**WORK TASK**:
Produce an exact copy of all the data below, dropping every image.

Records from a dataset:
....
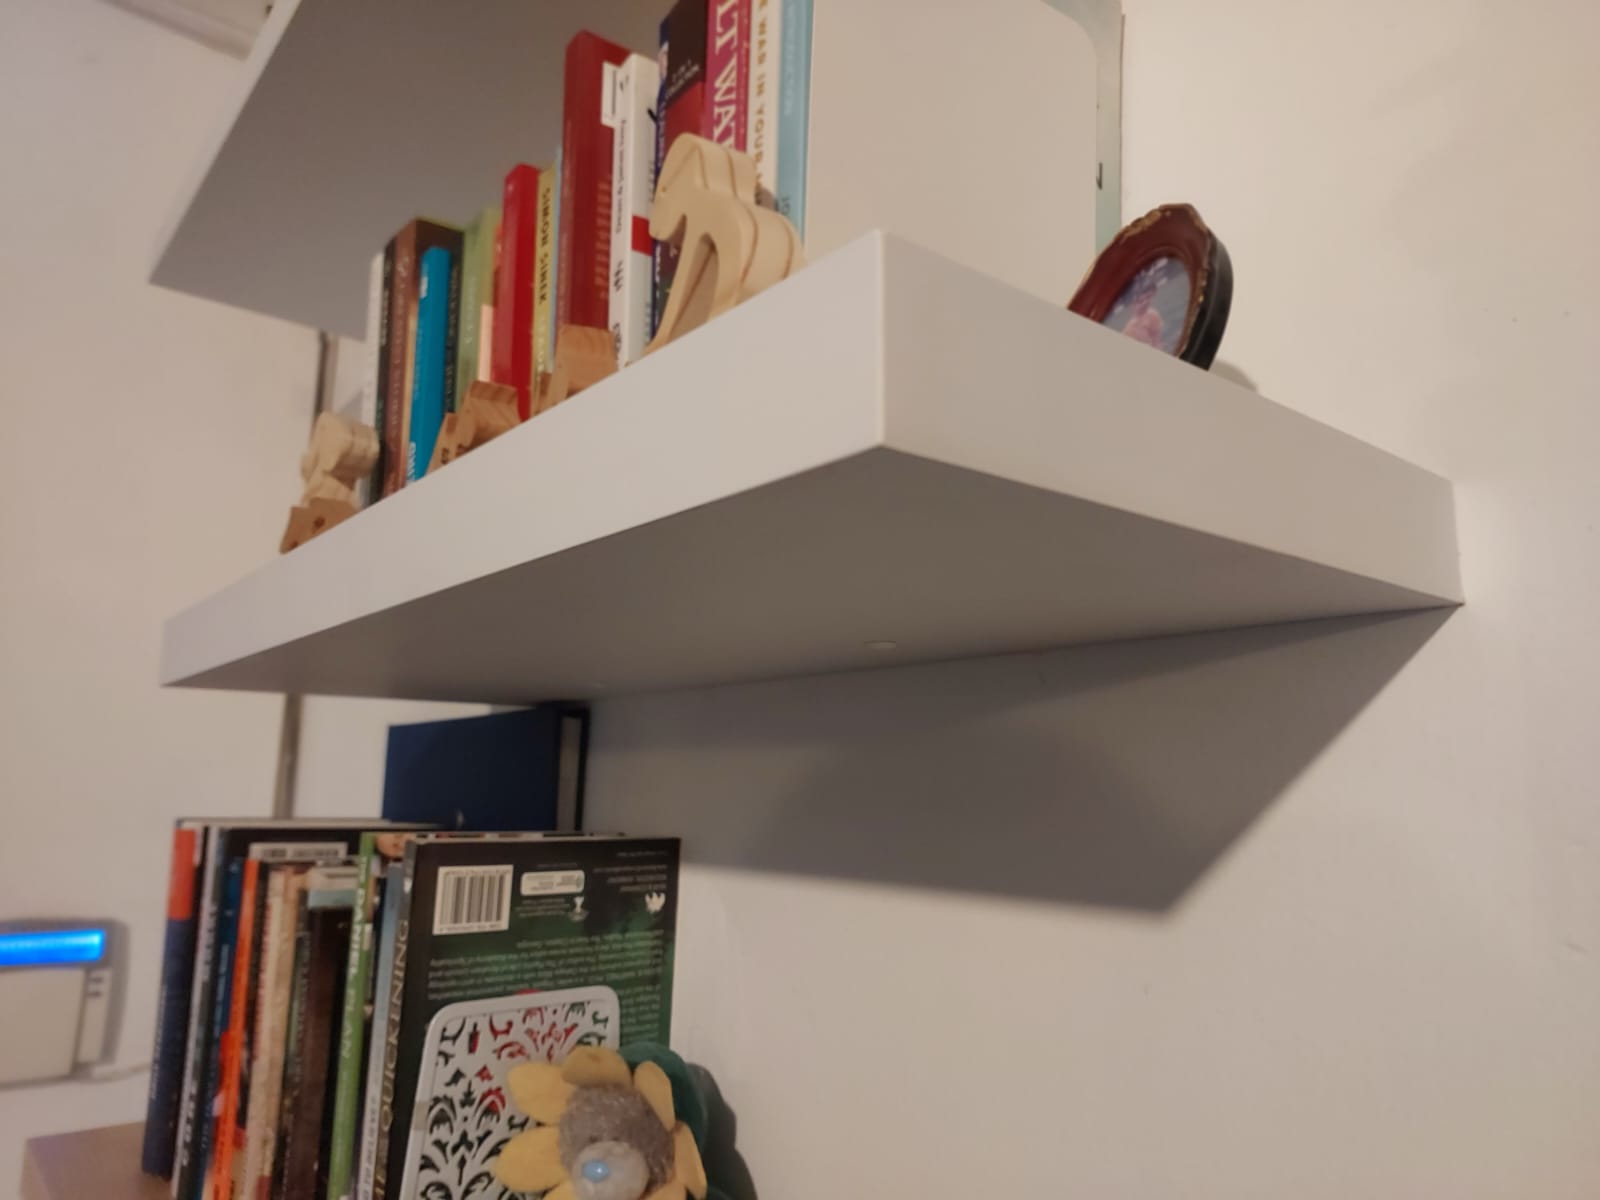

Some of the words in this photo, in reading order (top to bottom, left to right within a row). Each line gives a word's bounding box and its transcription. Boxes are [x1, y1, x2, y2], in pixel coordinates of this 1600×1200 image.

[540, 187, 552, 246] SIMON
[538, 252, 550, 305] SINEK
[348, 887, 366, 982] DANIEL
[341, 987, 357, 1058] PLAN
[382, 918, 410, 1132] QUICKENING
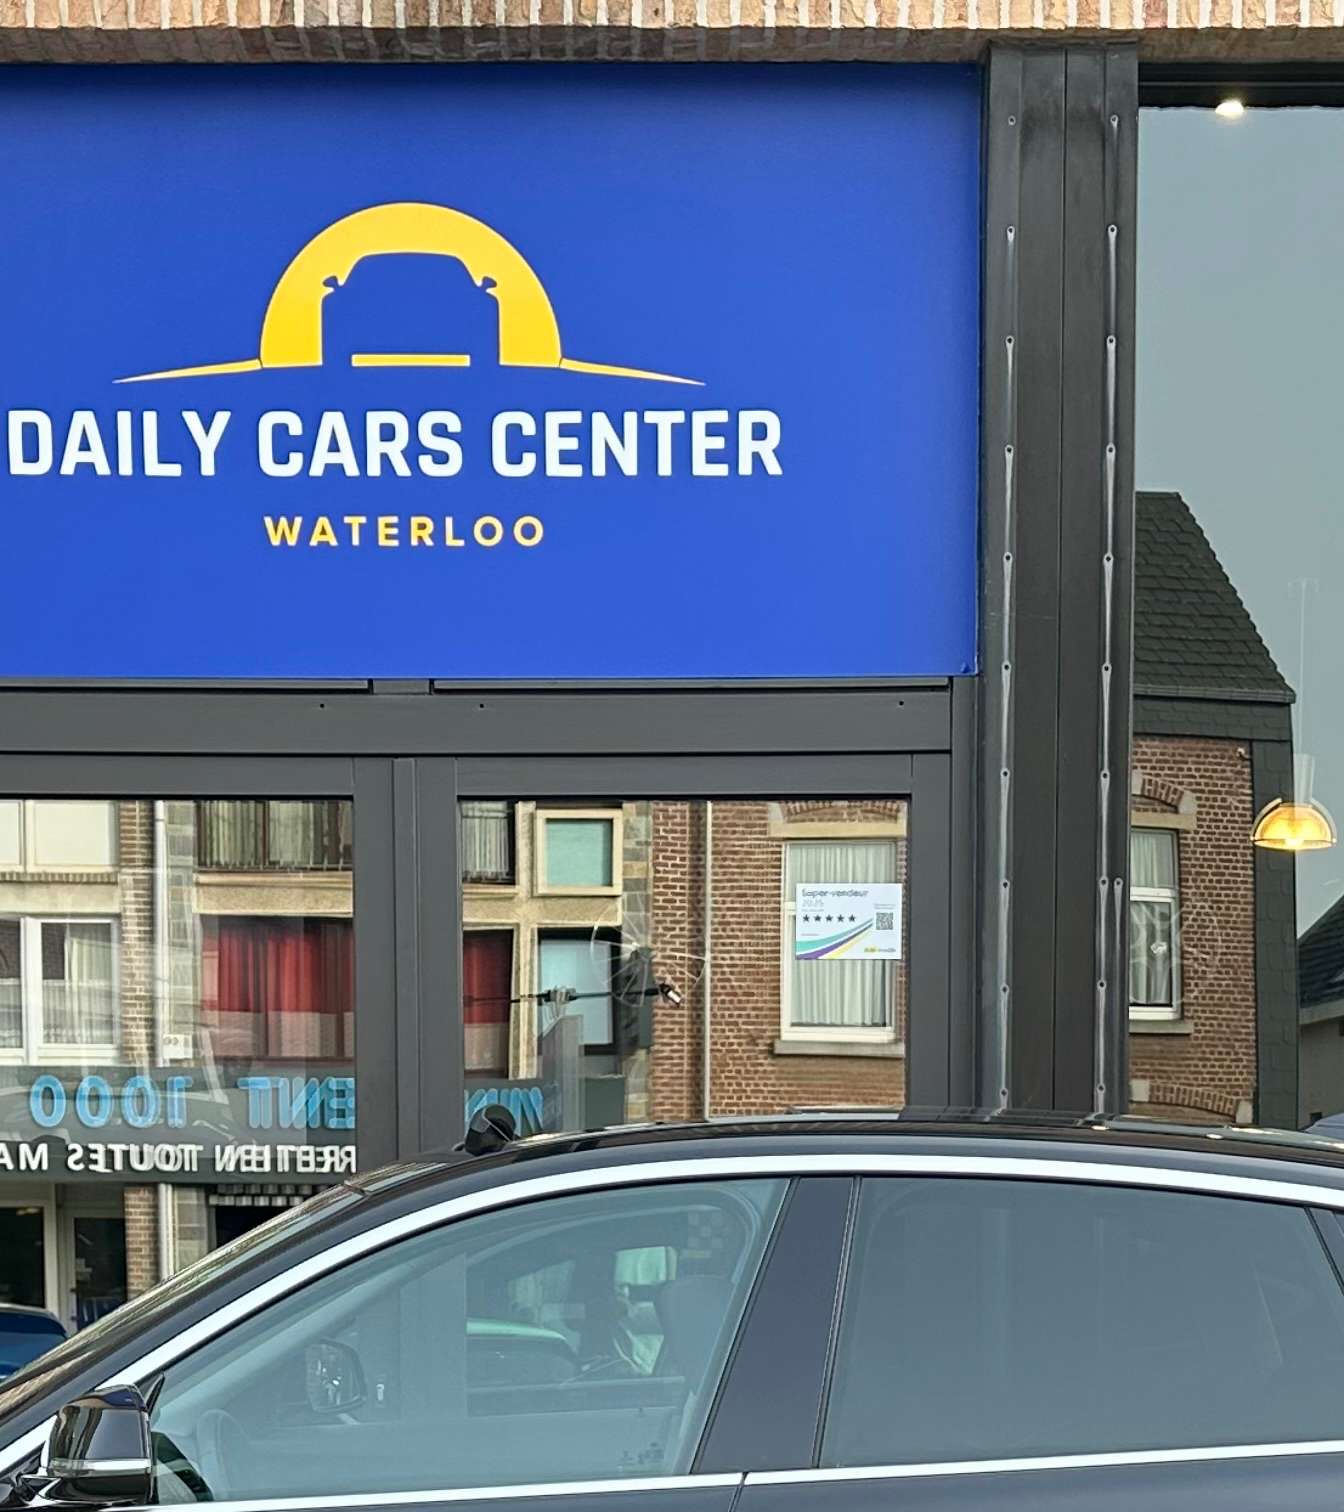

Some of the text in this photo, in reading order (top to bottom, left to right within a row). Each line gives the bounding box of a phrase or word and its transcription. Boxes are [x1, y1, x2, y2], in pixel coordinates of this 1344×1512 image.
....
**RESPONSE TO THIS EXERCISE**:
Some of the words in this photo, in reading order (top to bottom, left to right within a row). Each line gives a word's bounding box and its transcription. Boxes are [x1, y1, x2, y2], in pixel coordinates of this 1600×1200 image.

[540, 187, 552, 246] SIMON
[538, 252, 550, 305] SINEK
[348, 887, 366, 982] DANIEL
[341, 987, 357, 1058] PLAN
[382, 918, 410, 1132] QUICKENING

Some of the text in this photo, in reading order (top to bottom, left to right within a row). Each line gives the bounding box of a phrase or word and its transcription. Boxes are [x1, y1, x2, y2], in pixel coordinates of this 1344×1512 image.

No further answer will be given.